Polysplenia syndrome with semi-annular pancreas, midgut malrotation and interrupted inferior vena cava: A rare adult case report.
Saber Abdellah Bassel, Mohamed Abdellaoui, Meriem Edderai, Rachida Saouab, Hassan Ennouali, Jamal El Fenni, Ouijdane Zamani
Abstract
Open AccessPolysplenia syndrome is a rare congenital anomaly within the heterotaxy spectrum. It is typically diagnosed in childhood due to associated cardiac malformations, whereas detection in adults without cardiovascular involvement is uncommon. We report a 50-year-old woman presenting with recurrent abdominal pain and vomiting.
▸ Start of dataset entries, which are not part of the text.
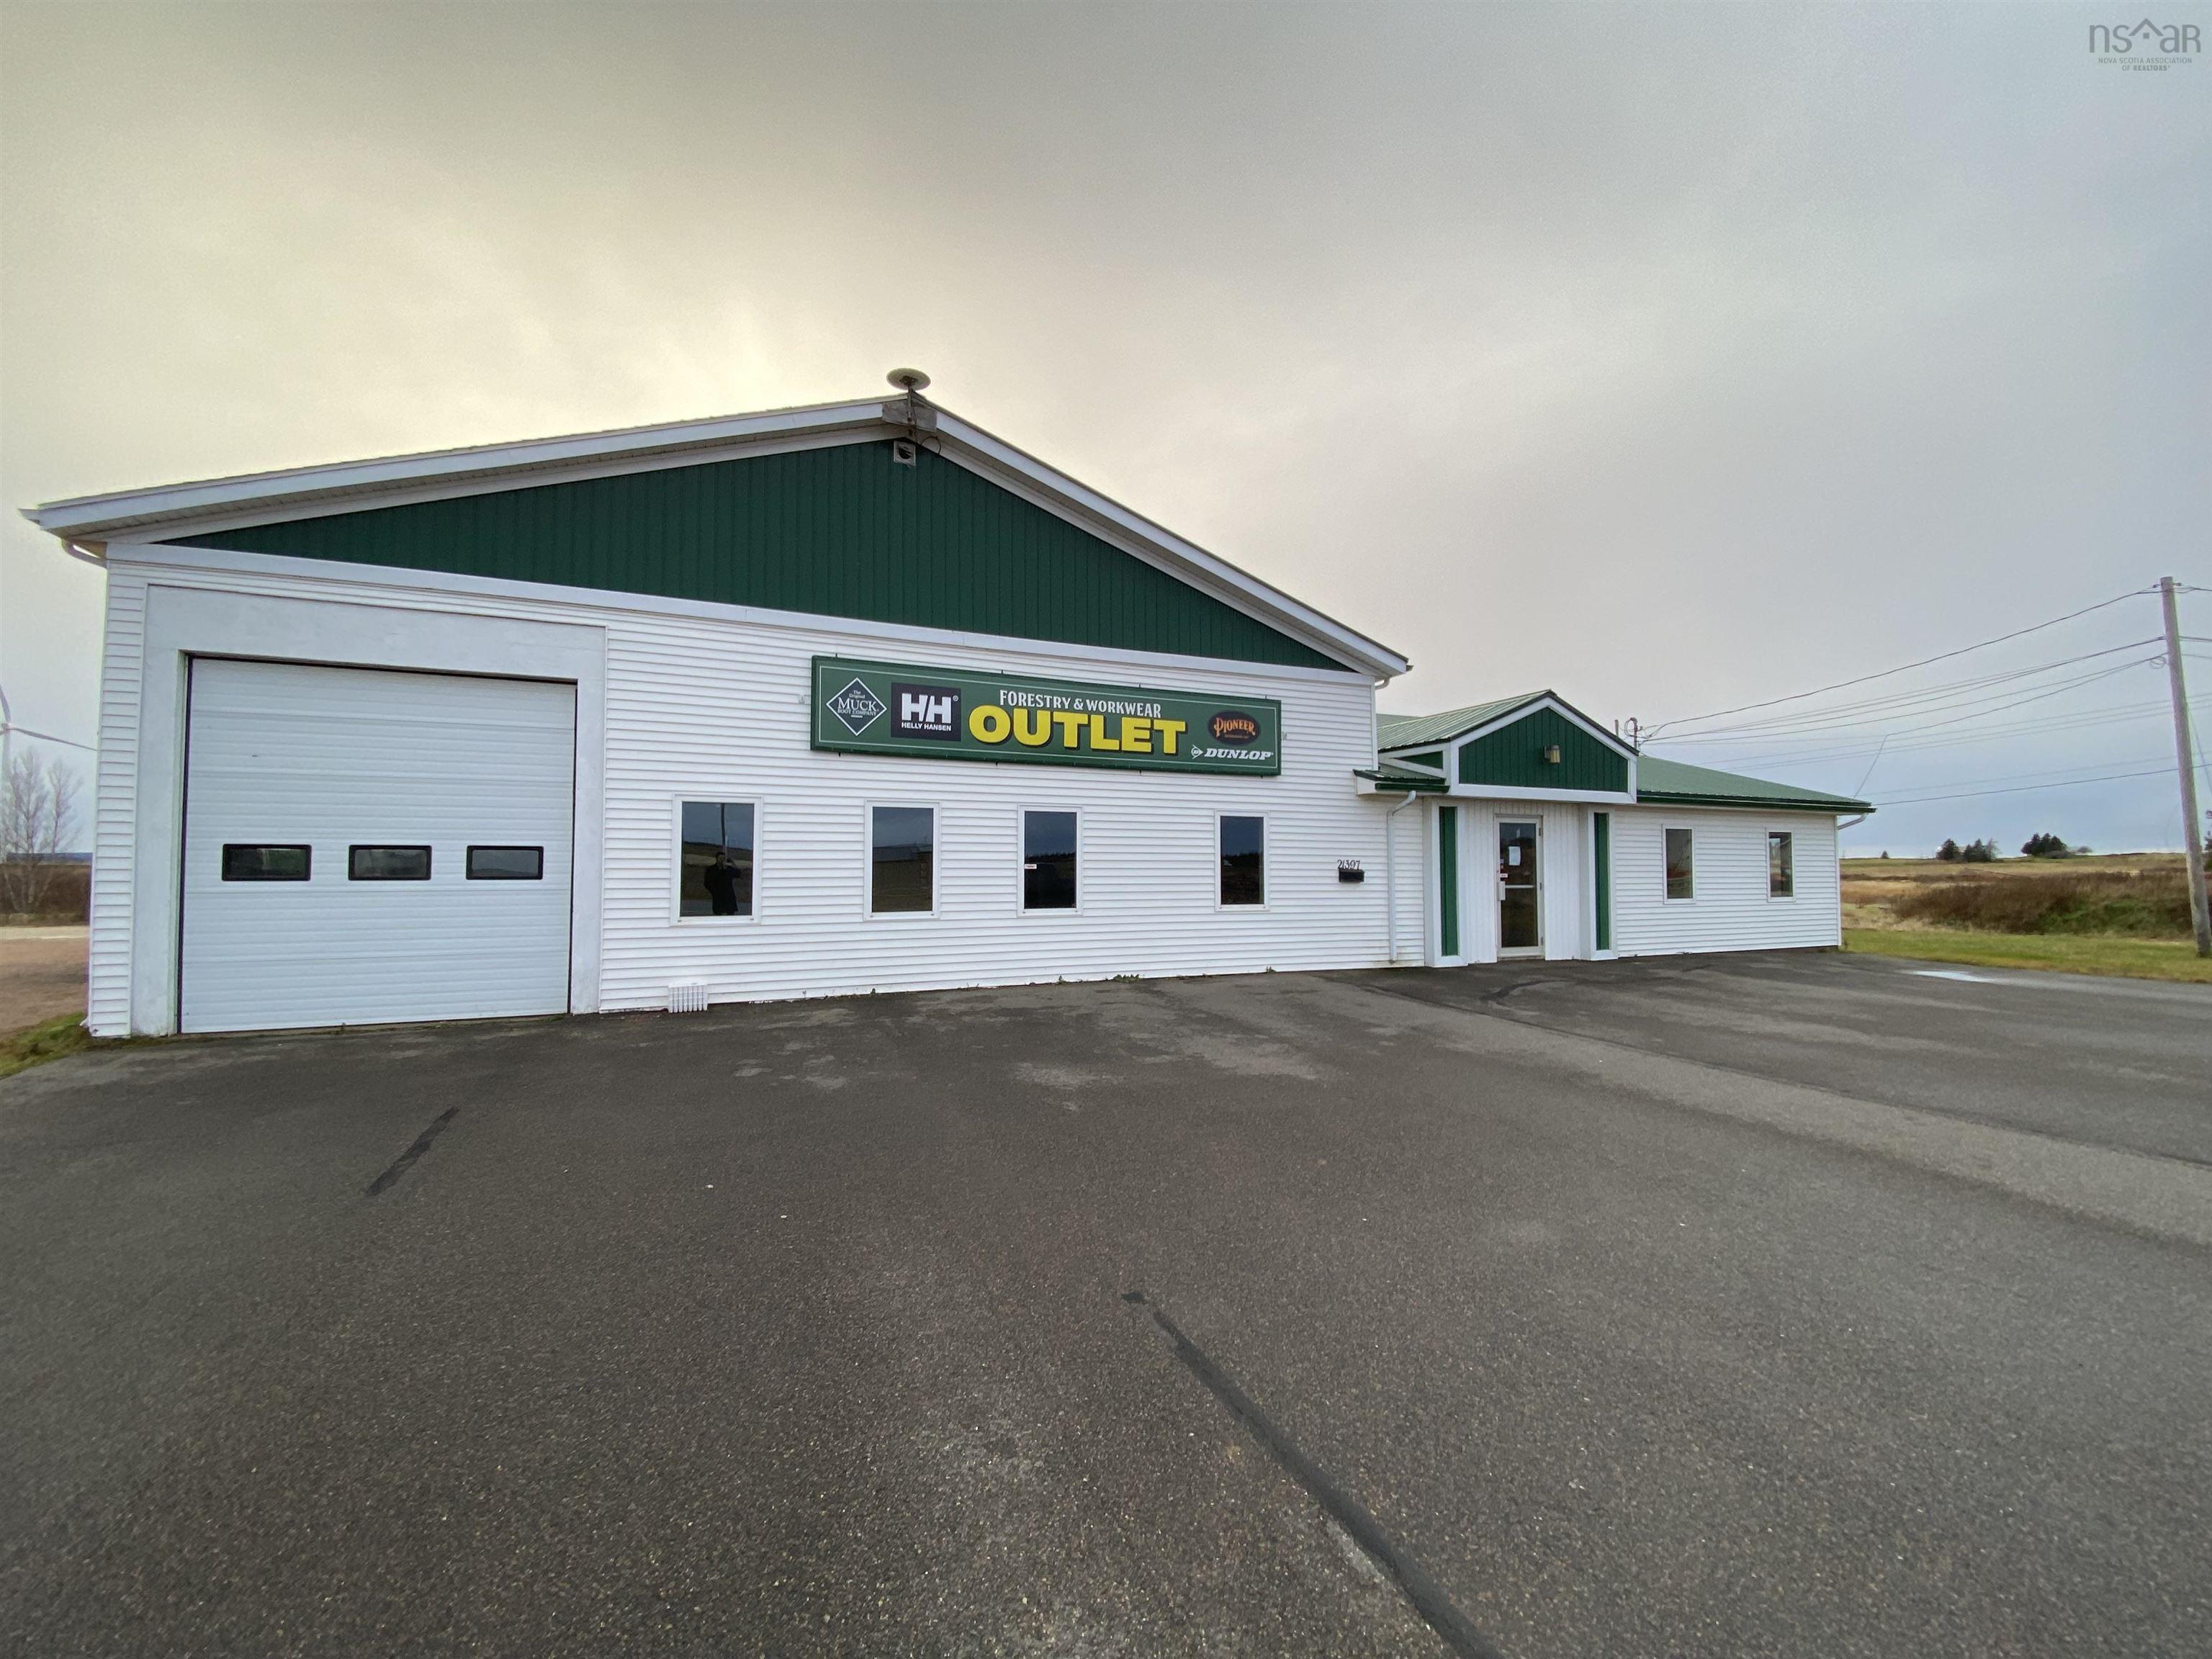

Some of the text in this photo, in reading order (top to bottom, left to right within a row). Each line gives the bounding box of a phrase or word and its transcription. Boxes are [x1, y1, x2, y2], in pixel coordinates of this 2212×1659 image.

[837, 696, 877, 711] MUCK
[999, 689, 1161, 719] FORESTRY & WORKWEAR
[924, 723, 952, 732] HANSEN
[968, 705, 1187, 754] OUTLET
[1204, 748, 1272, 760] DUNLOP
[1337, 859, 1360, 870] 21397
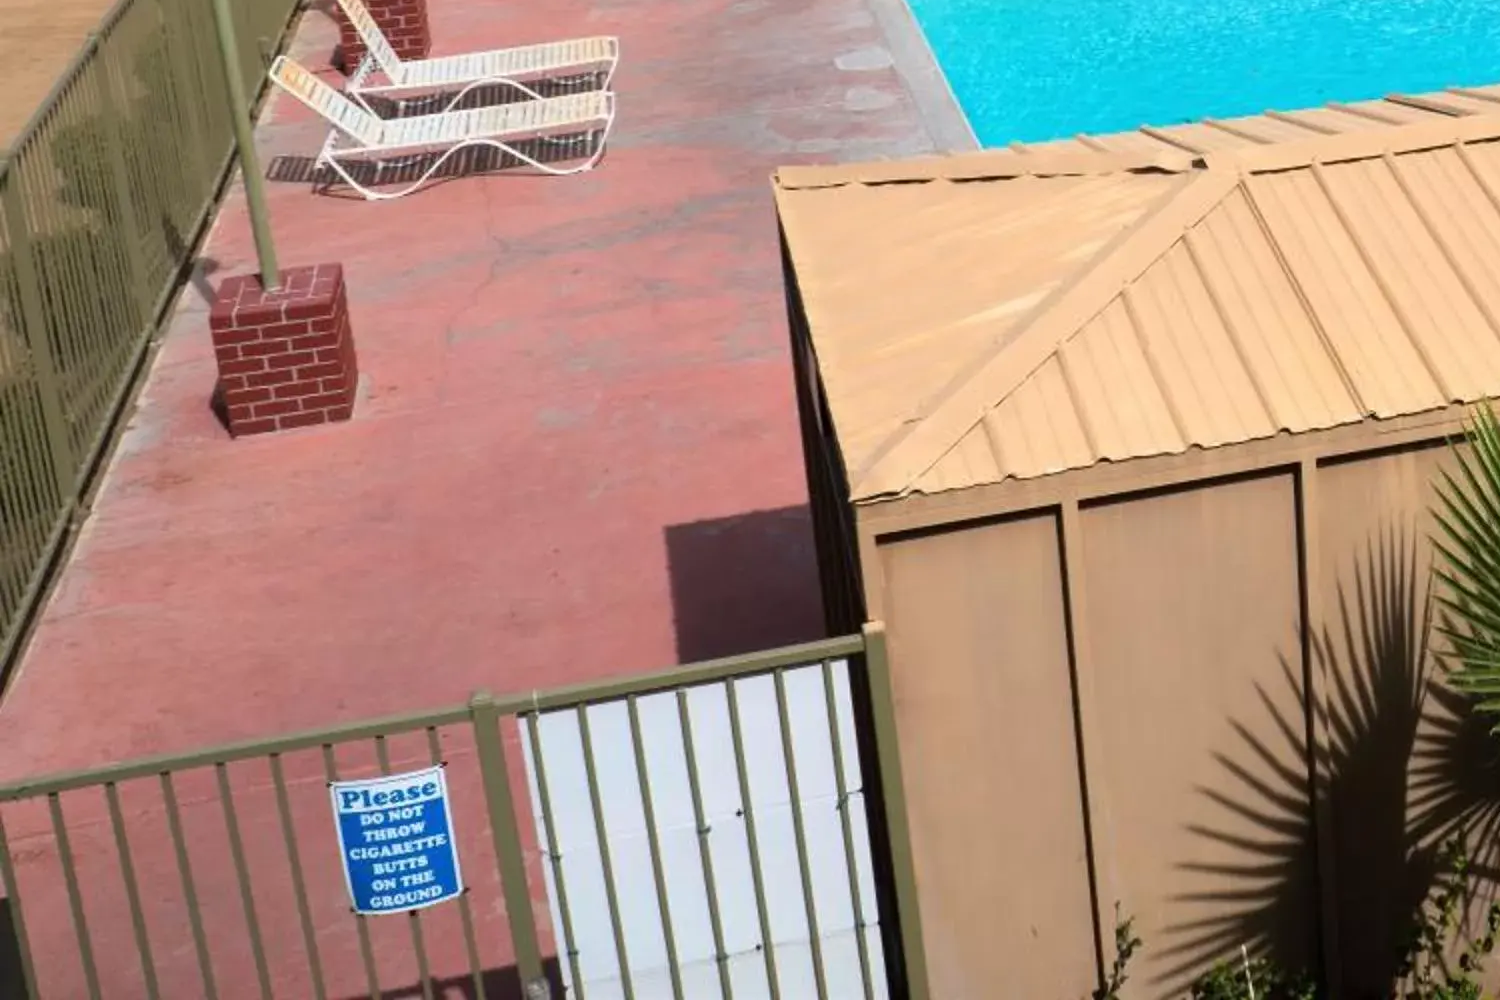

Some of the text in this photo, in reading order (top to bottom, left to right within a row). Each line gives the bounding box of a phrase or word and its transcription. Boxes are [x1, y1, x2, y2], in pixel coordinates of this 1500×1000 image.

[341, 782, 436, 809] Please
[361, 804, 425, 826] DO NOT
[362, 821, 426, 842] THROW
[349, 833, 448, 860] CIGARETTE
[372, 855, 429, 875] BUTTS
[371, 870, 436, 892] ON THE
[370, 885, 443, 908] GROUND
Contrast-enhanced CT demonstrated multiple splenic nodules consistent with polysplenia, a semi-annular pancreas partially encircling the duodenum, midgut malrotation, and absence of the intrahepatic segment of the inferior vena cava (IVC) with azygos/hemiazygos continuation. This constellation of anomalies is unusual in adults and clinically significant. Pancreatic and intestinal malformations may predispose to abdominal symptoms, while vascular variants such as interrupted IVC have important implications for surgical and interventional procedures. CT plays a pivotal role in characterising these abnormalities and guiding safe management. Adult presentation of polysplenia syndrome without cardiac involvement is rare. Awareness of associated gastrointestinal and vascular anomalies is crucial to avoid misdiagnosis and intraoperative complications.